Cannot remove a String element in HashMap while iterating


#1

Hello,

What I try to achieve is the following:

I have a HashMap<String, u32>. Now I would like to remove characters from the String like the following:

  1. #someWord### -> someWord i.e. remove any ‘#’ as prefix or suffix
  2. ######### -> if String consists only of ‘#’ remove it from the HashMap
  3. some#Word -> some#Word, i.e do nothing if ‘#’ is in the middle

For option 1 I have found a nice method:

 let mut s = String::from("##dog#");
 s = s.trim_matches('#').to_string();

However, if I try to put all 3 checks in 1 piece of code it does not work - I am missing something:

As an example I started with:

for (word, _) in words.iter_mut() {
    
    word = &word.trim_matches('#').to_string(); // this is failing due to insufficient lifetime
    // some code
    words.remove(); // here it fails because I try to change words while iter_mut() is already doing it

Then I’ve tried t follow this suggestion Stack to have another collection created, but have some troubles with the filter method as it requires a bool expression:

let words: HashMap<_,_> = words.into_iter()
                                .filter(|&(ref word, _)|  // pseudocode -> trim word and if becomes empty, add nothing to the new HashMap )
                               .collect();

#2

You could resolve this by putting a “map” step before your “filter” step. The “map” step does the word-trimming and returns the (trimmed key, payload) tuple, then the “filter” step eliminates tuples with empty keys.


#3

Pff, yeah - with map in between into_iter() and filter() works as expected. Thanks.
A few more minutes and I would not need to post a new topic.


#4

You can filter and map in one closure: https://doc.rust-lang.org/std/iter/trait.Iterator.html#method.filter_map


#5

Thanks for pointing this out but in my case separating them will probably be more clear.

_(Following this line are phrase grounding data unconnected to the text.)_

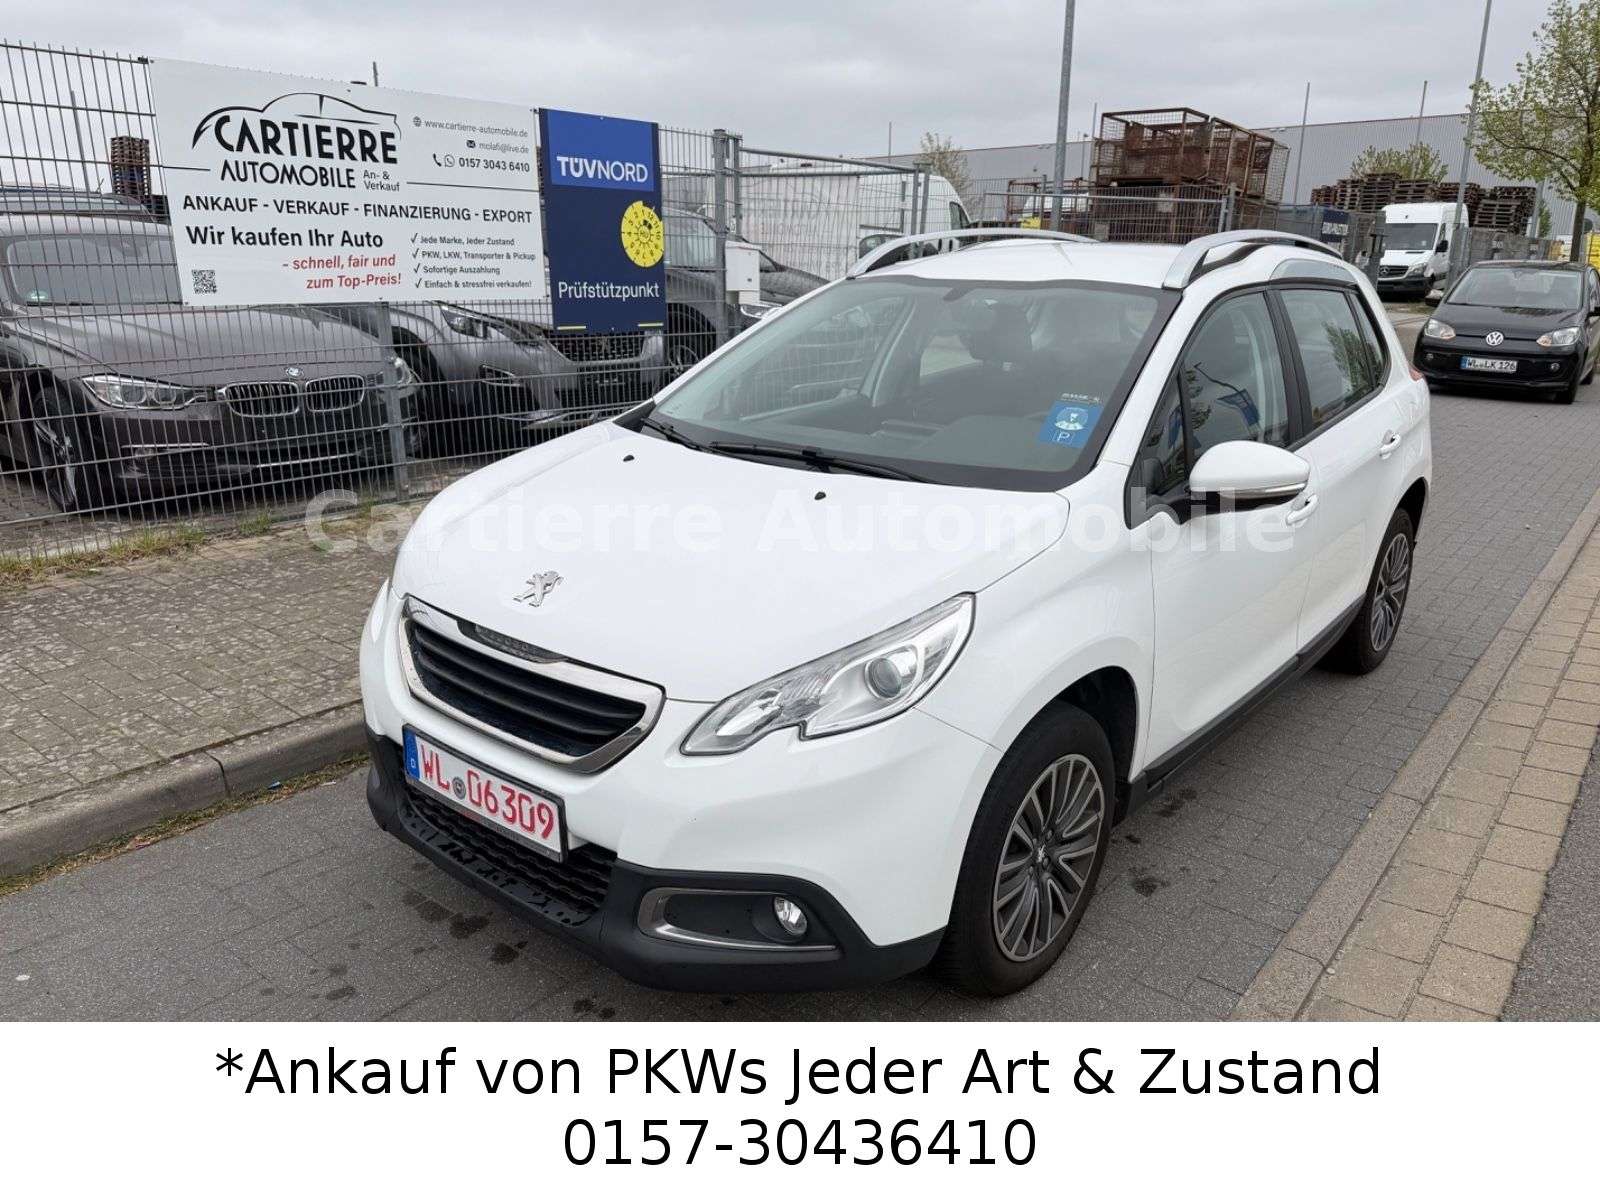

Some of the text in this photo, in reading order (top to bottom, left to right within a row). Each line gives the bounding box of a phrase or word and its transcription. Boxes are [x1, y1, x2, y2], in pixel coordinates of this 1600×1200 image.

[425, 120, 528, 138] www.cartierre-automobile.de
[214, 115, 397, 164] CARTIERRE
[458, 157, 530, 172] 0157 3043 6410
[221, 159, 356, 189] AUTOMOBILE
[363, 171, 390, 180] An- &
[364, 181, 400, 192] Verkauf
[183, 195, 258, 213] ANKAUF
[273, 200, 350, 216] VERKAUF
[364, 204, 471, 221] FINANZIERUNG
[483, 209, 532, 223] EXPORT
[186, 226, 383, 248] Wir kaufen Ihr Auto
[420, 236, 439, 244] Jede
[440, 236, 464, 246] Marke,
[486, 237, 515, 246] Zustand
[292, 255, 344, 270] schnell,
[348, 255, 369, 269] fair
[372, 254, 396, 268] und
[422, 250, 442, 260] PKW,
[443, 251, 462, 260] LKW,
[464, 251, 504, 261] Transporter
[513, 252, 536, 261] Pickup
[423, 265, 501, 275] Sofortige Auszahlung
[306, 273, 401, 290] zum Top-Preis!
[424, 279, 452, 288] Einfach
[462, 279, 495, 288] stressfrei
[496, 280, 532, 288] verkaufen!
[558, 280, 661, 302] Prüfstützpunkt
[421, 744, 450, 791] WL

Initially I’ve tried with and was satisfied there were no errors from compiler:

.map(|(word, count)| (word.trim_matches(’#’).to_string(), count) )

However, after some tests I realized that it is not working correctly due to the HashMap property to have only 1 key value pair for the same key:
i.e. I cannot have

dog - 4
dog - 9

in a HashMap.

So what would you advise me:
Is it possible to use HashMap to achieve the following:

dog - 1
#dog# - 3

after command:

dog - 4

or should I use other constructors such as Vectors?


#6

Ah, indeed, I forgot about that.

A naive way to solve that would be to collect the (trimmed_key, value) pairs in a Vec, sort by key, merge the neighbouring elements and reconstruct the resulting HashMap.

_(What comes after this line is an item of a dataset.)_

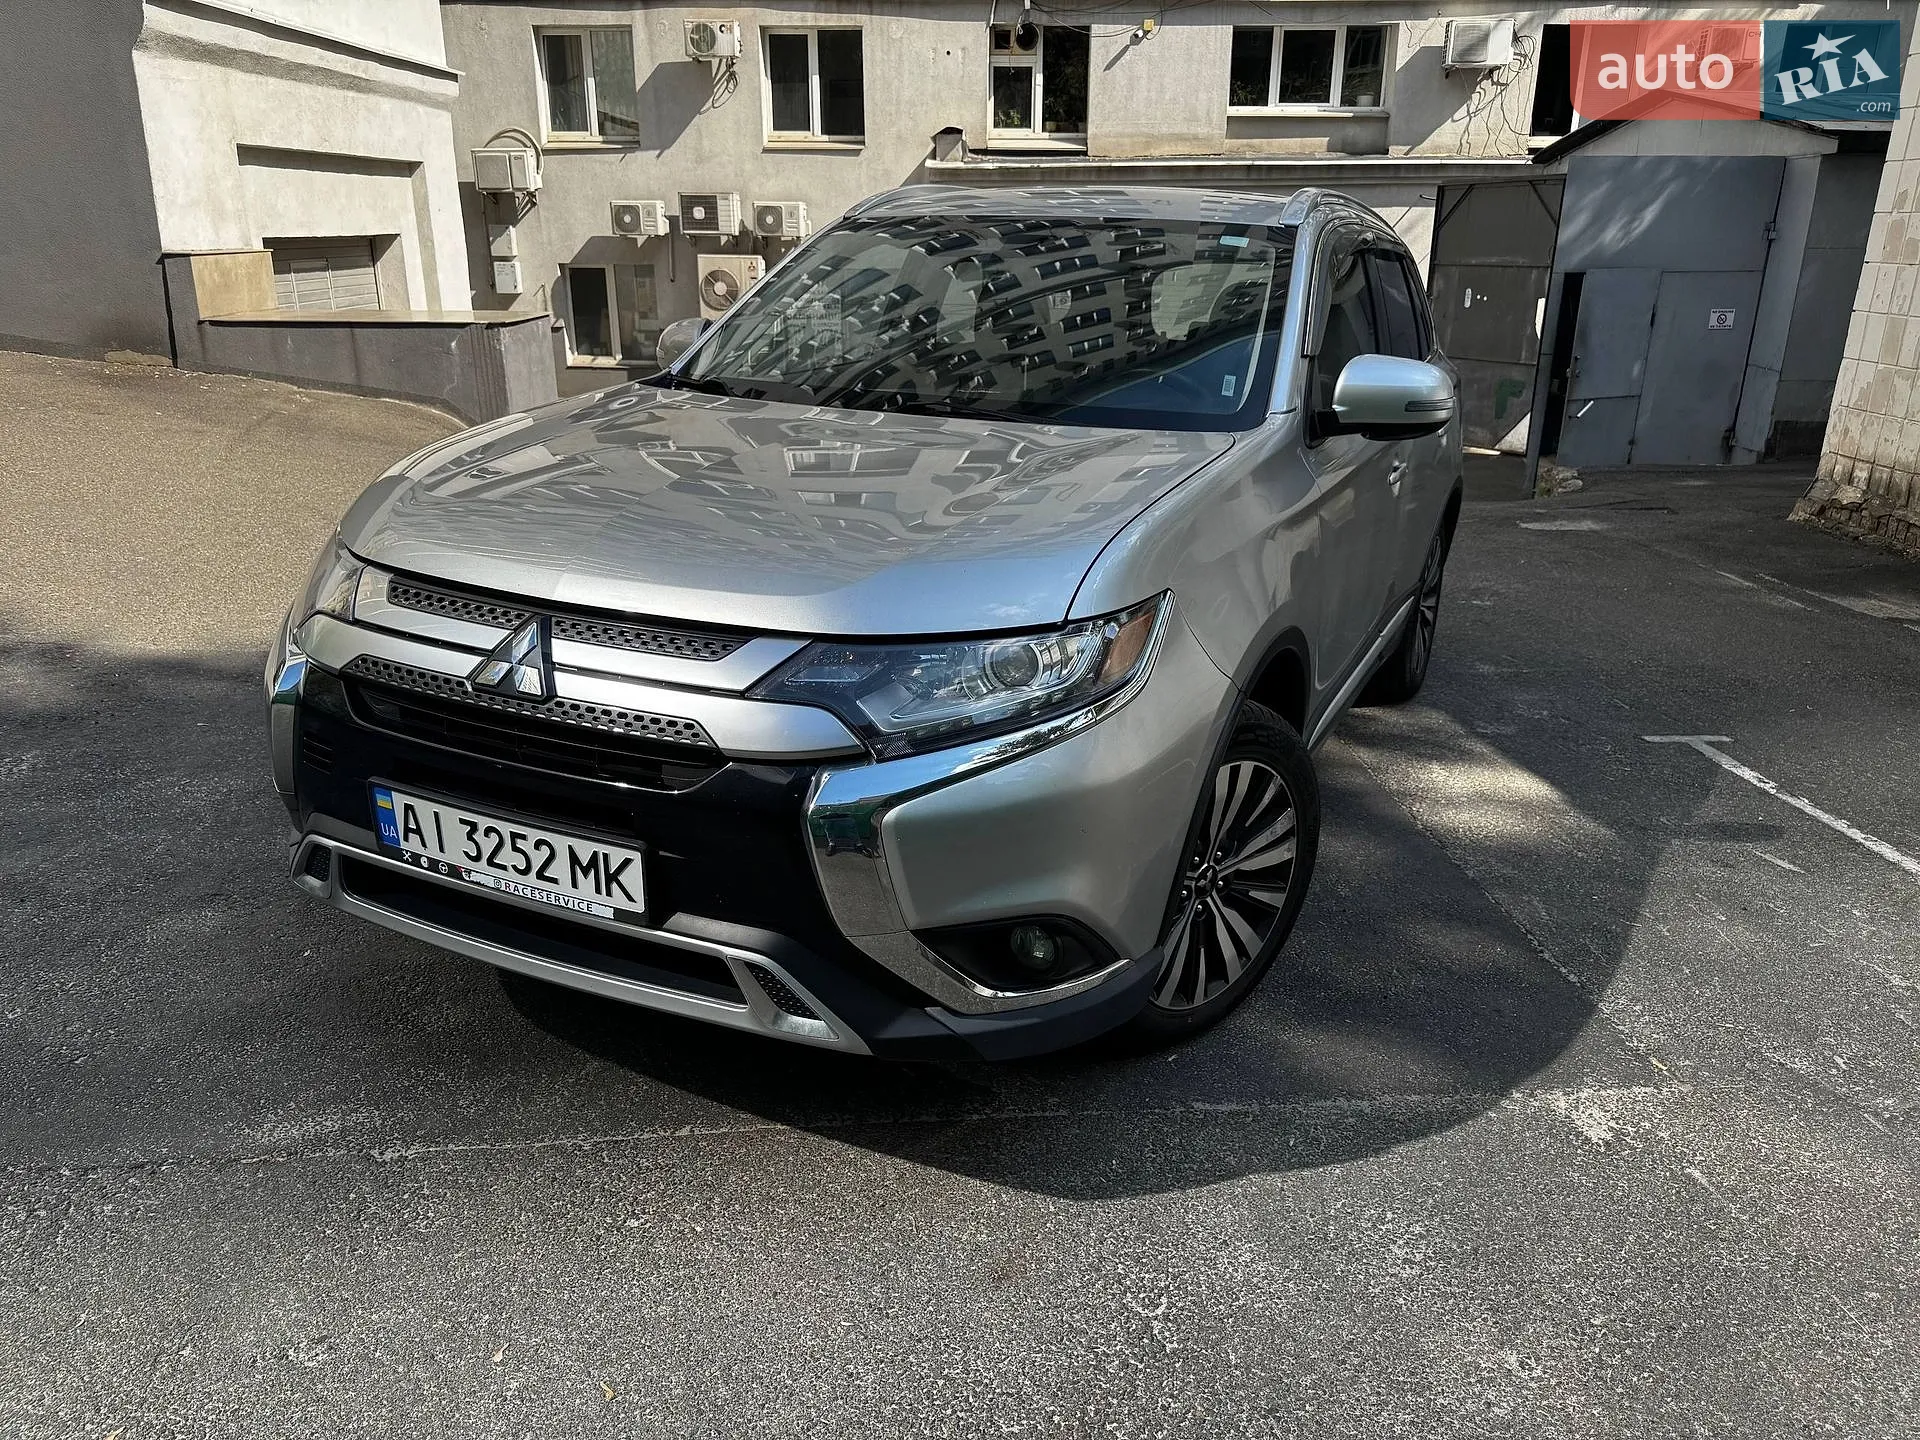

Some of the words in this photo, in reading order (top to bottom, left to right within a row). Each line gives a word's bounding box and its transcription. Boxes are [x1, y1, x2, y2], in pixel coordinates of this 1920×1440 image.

[381, 822, 398, 839] UA
[402, 801, 446, 854] AI
[458, 816, 560, 885] 3252
[567, 843, 637, 904] MK

But that has poor memory and computational efficiency, so I would personally prefer something like this:

  • Create a new HashMap
  • Loop over the (key, value) pairs of the old map
    • Trim the key
    • Check if the new map already contains an entry associated with the trimmed key
    • If so, add the value to that of the existing entry
    • If not, create a new entry for that key with the relevant value

HashMap has a nice API for this kind of use case. In addition, one extra advantage of this solution is you can avoid systematically converting each trimmed key to a heap-allocated String, and use just an &str slice in some cases instead.